Currently we have very few institutions that stand out as settings for specialized skill development for substance abuse counseling roles. We even lack the most basic tool of an emerging profession, namely consensually accepted textbooks that define the field of practice. While laudable in both their quality and availability, it’s a little cumbersome to imagine the 45-plus volumes of SAMSHA’s “TIPS” to cumulatively constitute the substance abuse treatment “textbook.” Yet when someone asks where they can learn “how to do it,” one or another “TIP” is a common recommendation. Thus the ATTC survey could help point to how these opportunities to effectively consolidate and diffuse professional knowledge could be effectively structured.

Considering roles and skills together could produce another badly needed product, namely the specification of dimensions of the core technology of substance abuse treatment. Such a definitional exercise establishes what is unique about substance abuse treatment in terms of techniques specific to this specialty that cannot be acquired through training or experience in the practice of a different specialty, no matter how “parallel” it might seem. This definitional exercise can also specify what is transferable from other bundles of techniques included in educational programs already in place for other specialties. Specification of core technologies and associated bundles of strategies leads to textbooks. I have no doubt that the ability to specify these techniques in a cogent way is readily available----it just seems that it has not been done.

I am not suggesting that these definitions be set as facts before the survey begins, but that the survey include enough detailed information about perceived current practice that it is able to have a skeleton upon which to place the empirical findings, and derive the differences between perceived reality and actual reality. Only if we know this can we move toward a “projected reality” that appears as central in the tasks of the ATTC-sponsored survey. In other words, I see the current approach as including too many “taken-for-granted’s” about the nature of the workforce and what kinds of roles different personnel perform.

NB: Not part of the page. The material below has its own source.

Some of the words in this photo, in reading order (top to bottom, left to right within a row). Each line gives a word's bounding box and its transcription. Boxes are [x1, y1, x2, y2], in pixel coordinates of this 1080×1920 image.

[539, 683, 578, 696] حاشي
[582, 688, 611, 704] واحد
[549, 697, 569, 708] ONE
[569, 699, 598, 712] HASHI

The survey needs particular sensitivity to managerial roles within substance abuse treatment. As our own research has shown (Knudsen, Ducharme & Roman, 2009), retention of top managers is on one hand problematic in substance abuse treatment, but on the other hand is apparently avoidable. Our data clearly indicate qualities of managerial environments that affect turnover in substance abuse treatment, and monetary compensation is not singularly prominent. It is evident from other parts of our field research experience that management is probably the most neglected component of substance abuse treatment, yet also the issue most subject to denial by field leadership. Viewing managers, their roles, their development, and the retention of the best of them as vital to the workforce are important considerations for the survey.

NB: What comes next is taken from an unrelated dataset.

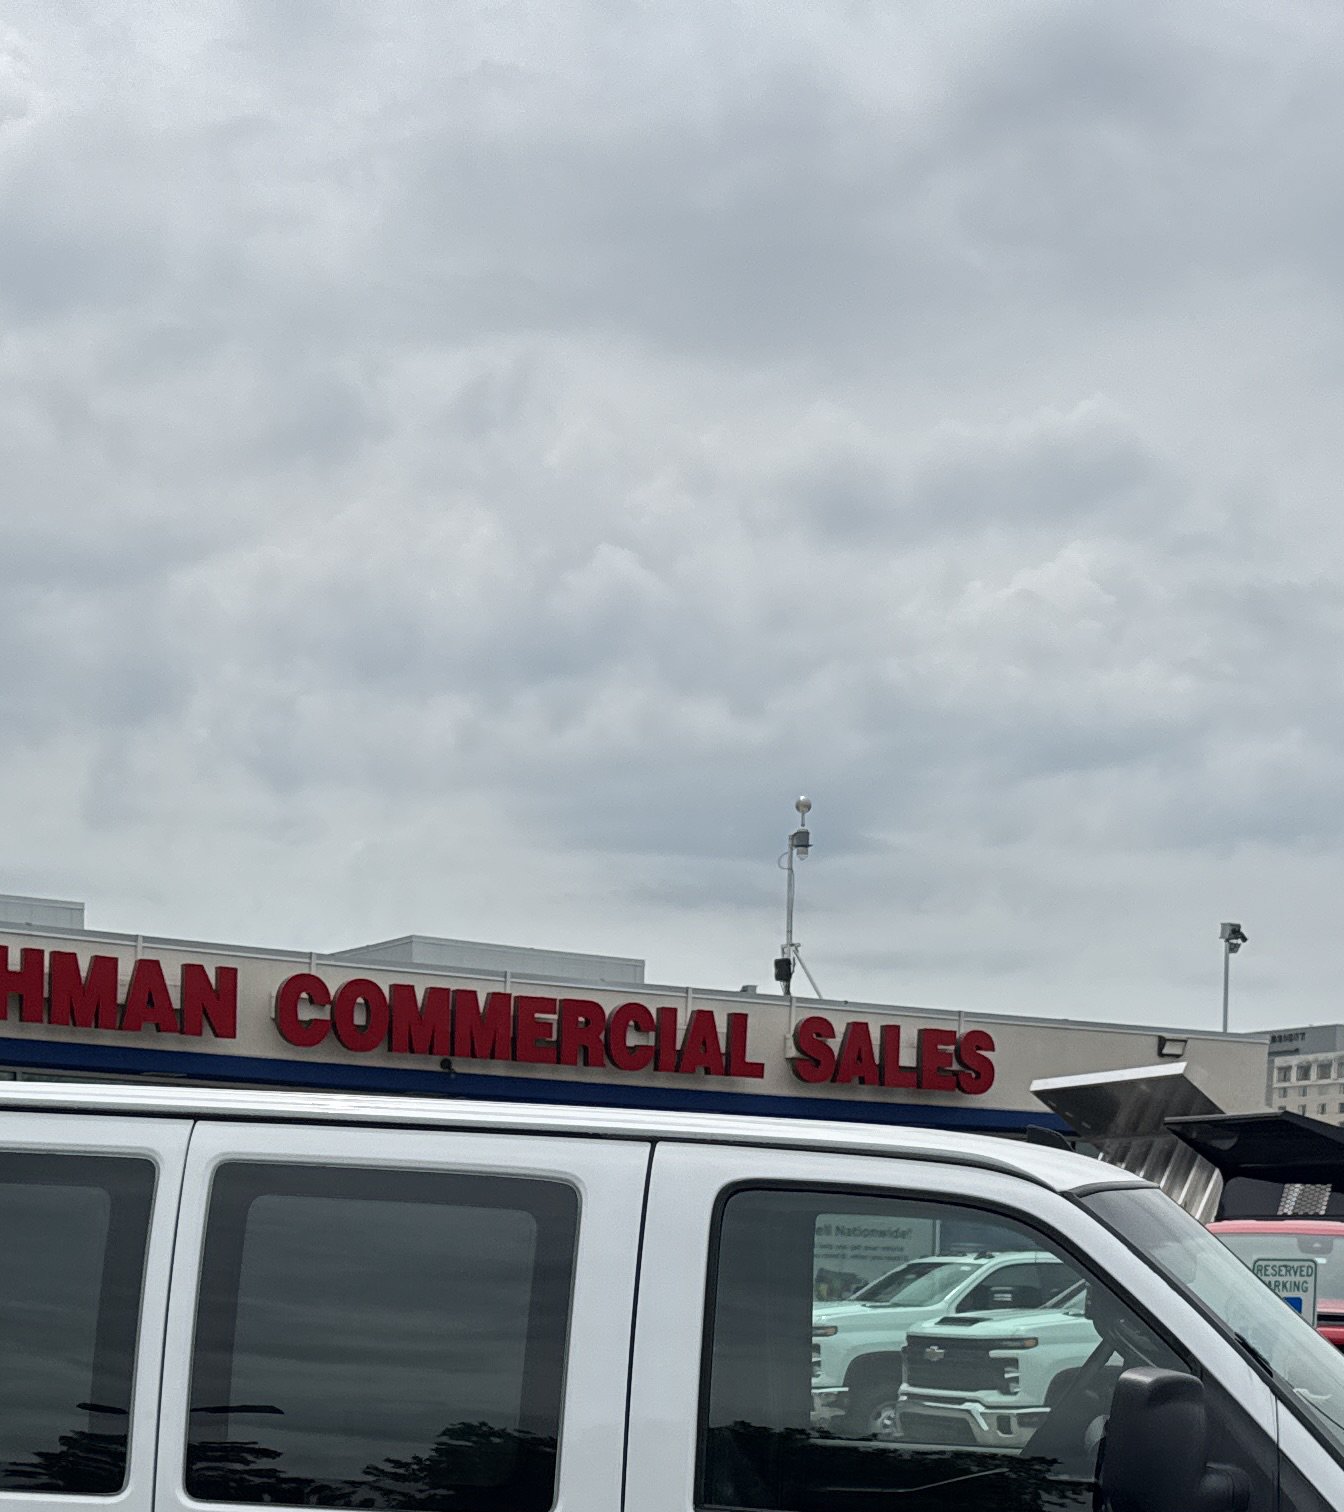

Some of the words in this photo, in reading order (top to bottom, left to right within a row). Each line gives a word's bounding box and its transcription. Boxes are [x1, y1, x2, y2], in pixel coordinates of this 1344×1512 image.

[274, 971, 765, 1079] COMMERCIAL
[791, 1015, 996, 1096] SALES
[1256, 1264, 1314, 1277] RESERVED
[1267, 1280, 1309, 1293] ARKING

Finally, a vital concept to workforce analysis is the career. There are essentially no data on the construction of careers in substance abuse treatment. The projected survey could definitely shed light on these careers, for they are the converse of the alleged pervasive problem of turnover. Research studies of turnover are in their relative infancy in this specialty, but a great deal of specification is needed in future studies. Different types of turnover need to be delineated, recognizing that turnover may be very positive for individuals and not always negative for organizations.

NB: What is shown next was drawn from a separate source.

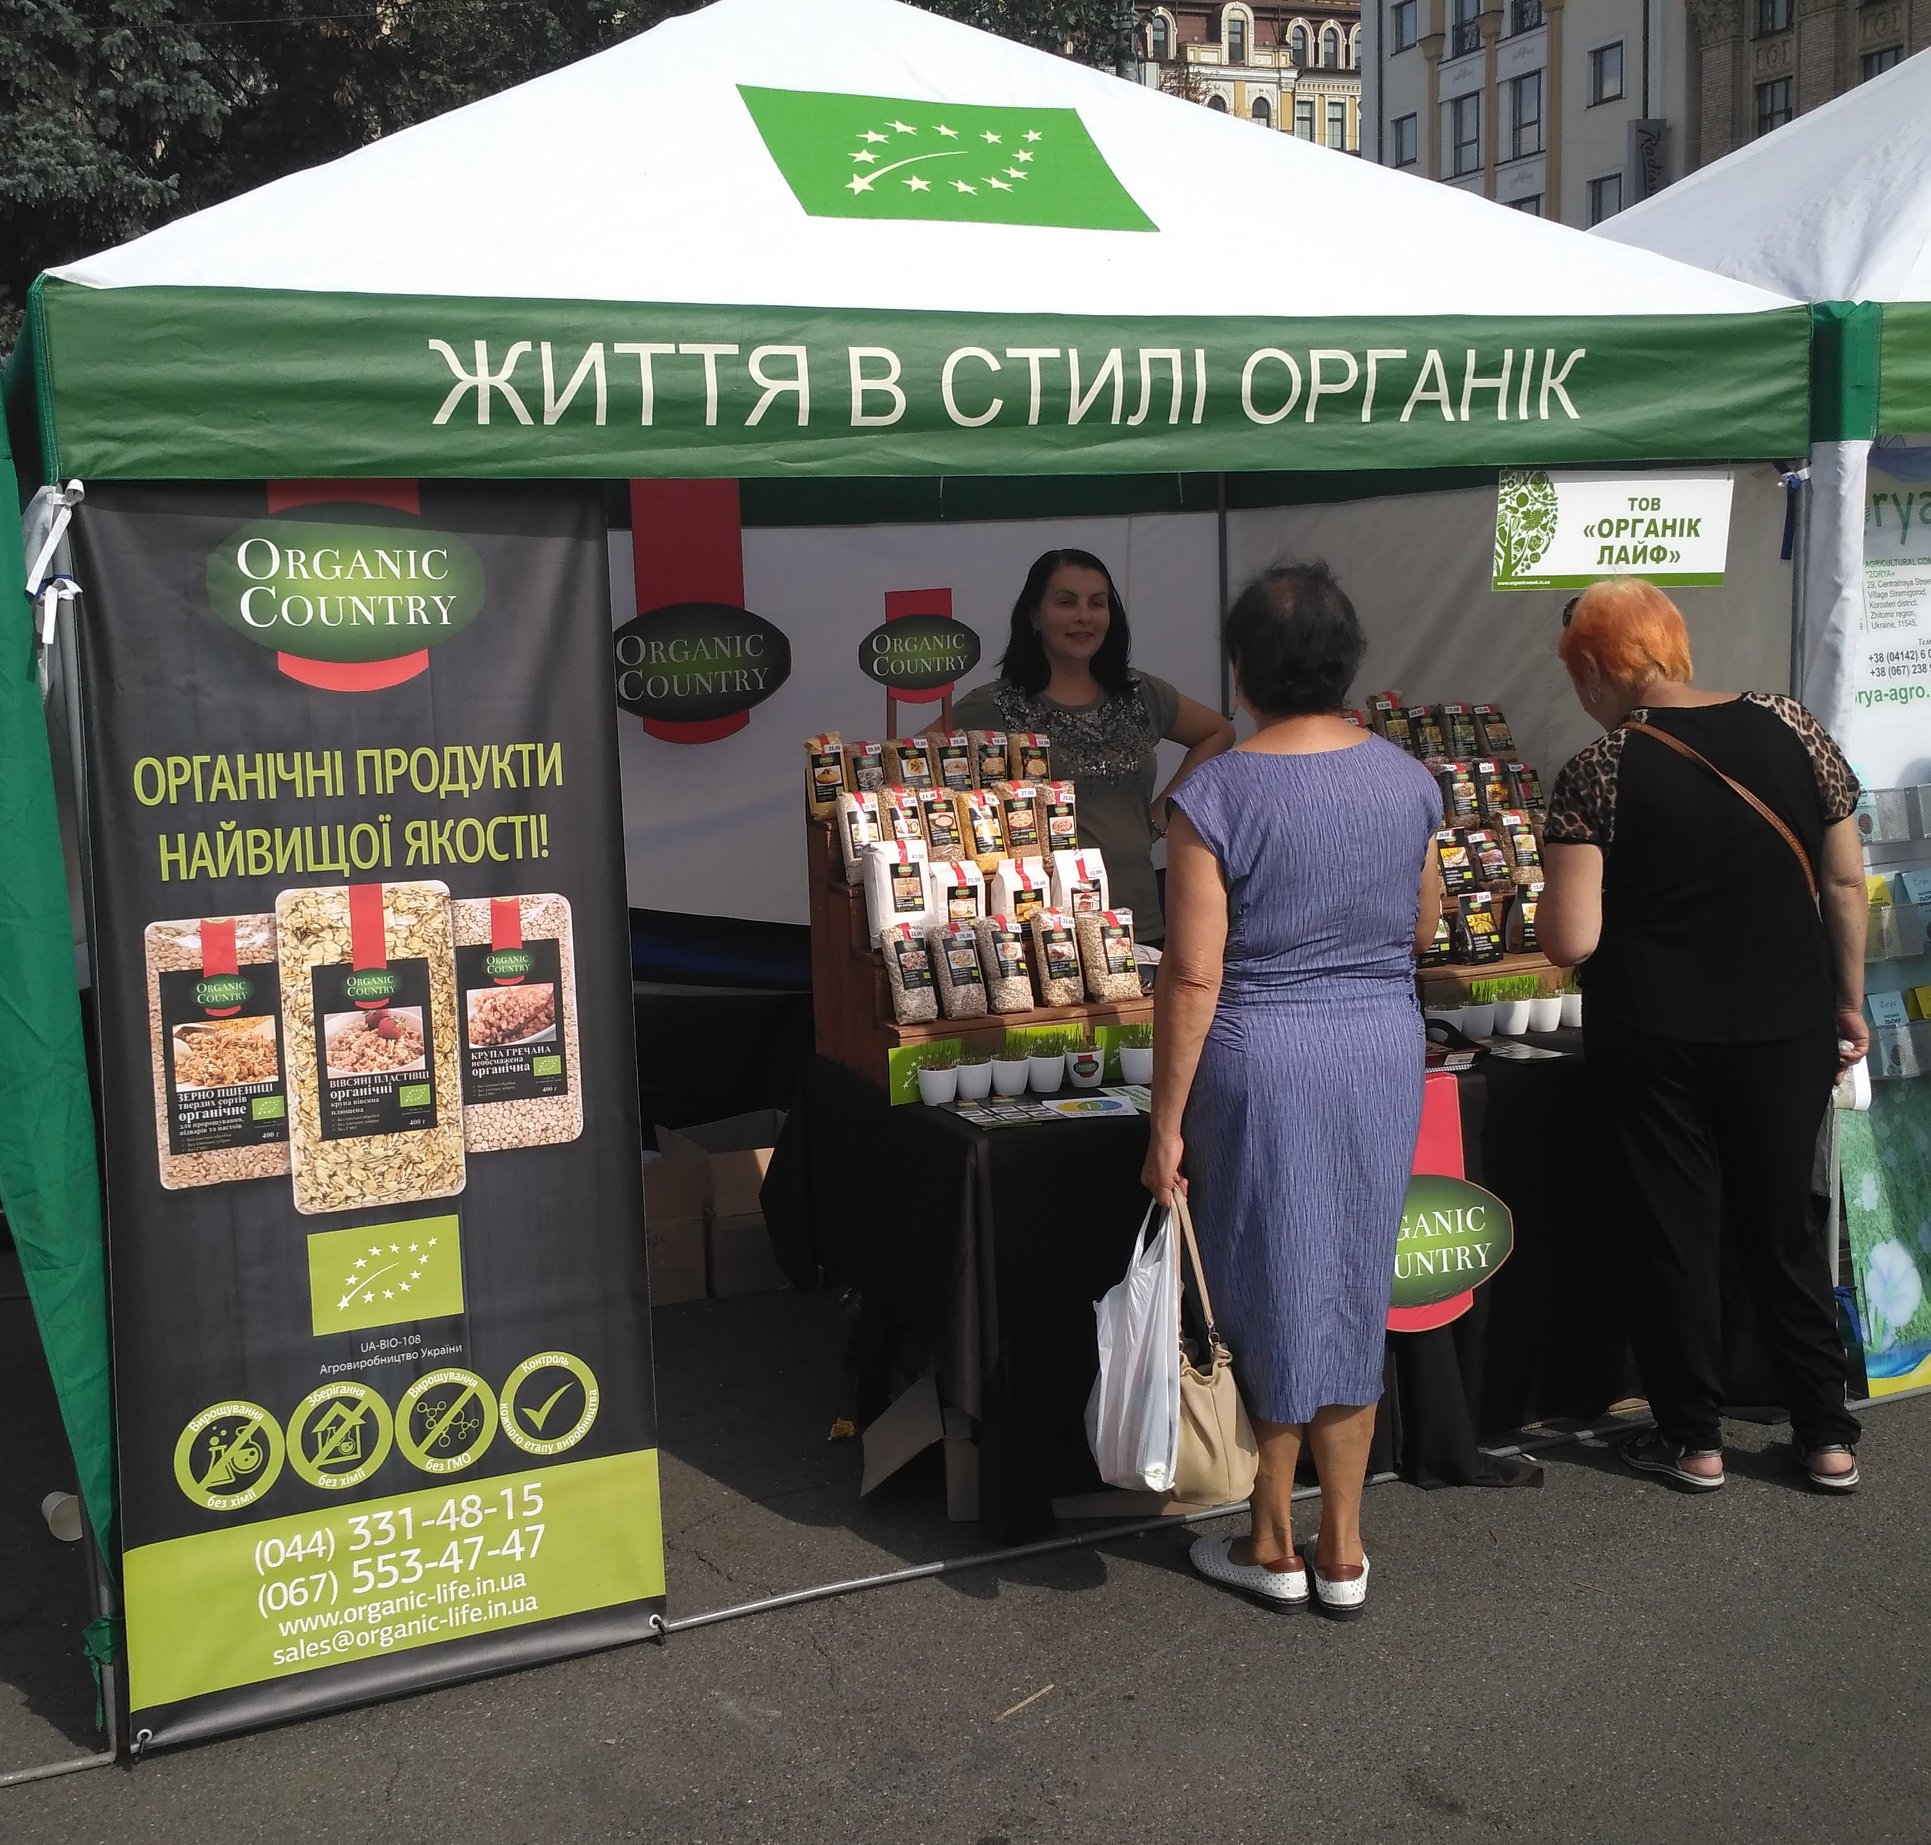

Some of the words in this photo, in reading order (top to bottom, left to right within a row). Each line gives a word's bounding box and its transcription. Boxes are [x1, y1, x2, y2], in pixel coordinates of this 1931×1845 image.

But the construction of a typology of careers within our specialty is a vital challenge. Given the sheer number of people who remain at this work for many decades, we know by inference that there must be stages of personal development, growing maturity, and changes in rewards. Understanding such careers, how they are fostered, and how they are blocked is very important for future recruitment, and perhaps for the more effective construction of a positive public image of the inner workings of substance abuse treatment.